▸ About this exercise: Where an image appears, leave it out; otherwise repeat the data exactly.

▸ Exercise input:
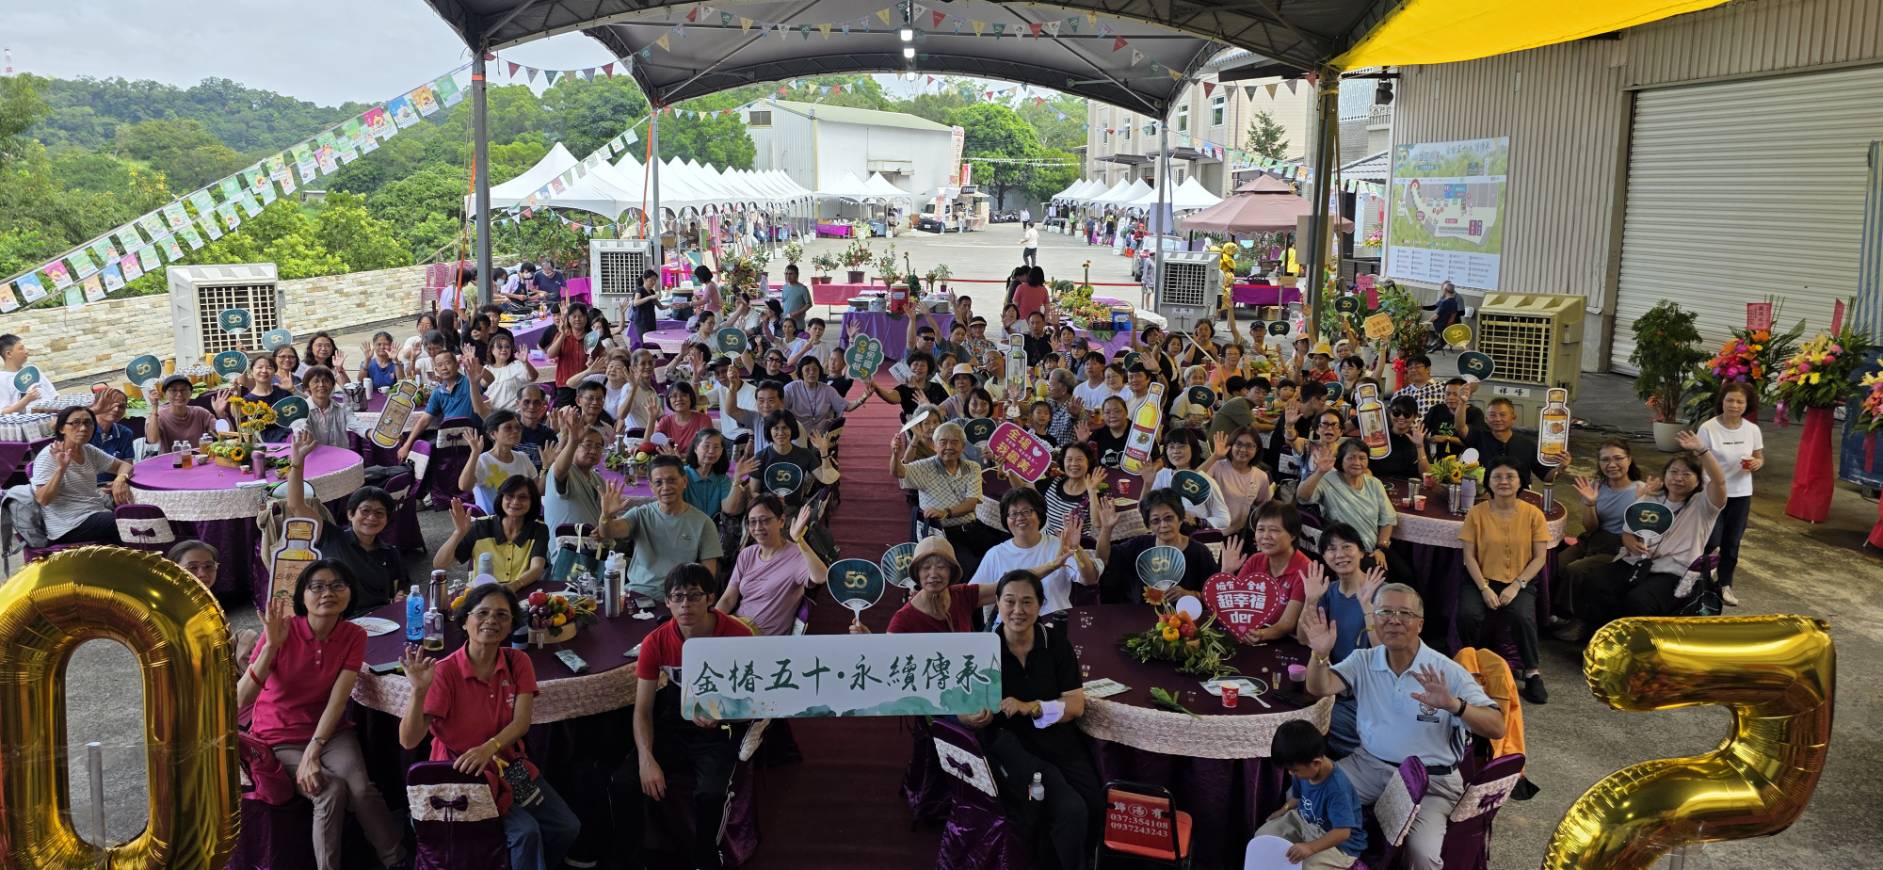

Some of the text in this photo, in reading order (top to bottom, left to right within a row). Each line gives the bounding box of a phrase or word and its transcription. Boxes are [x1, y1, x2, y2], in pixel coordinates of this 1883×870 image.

[136, 364, 151, 375] 50
[776, 470, 791, 481] 50
[1183, 479, 1199, 493] 50
[1639, 510, 1659, 523] 50
[1152, 557, 1169, 572] 50
[844, 571, 867, 588] 50
[1216, 593, 1267, 609] 超幸福
[1230, 611, 1254, 624] der

▸ Finished exercise:
Some of the text in this photo, in reading order (top to bottom, left to right within a row). Each line gives the bounding box of a phrase or word and its transcription. Boxes are [x1, y1, x2, y2], in pixel coordinates of this 1883×870 image.

[136, 364, 151, 375] 50
[776, 470, 791, 481] 50
[1183, 479, 1199, 493] 50
[1639, 510, 1659, 523] 50
[1152, 557, 1169, 572] 50
[844, 571, 867, 588] 50
[1216, 593, 1267, 609] 超幸福
[1230, 611, 1254, 624] der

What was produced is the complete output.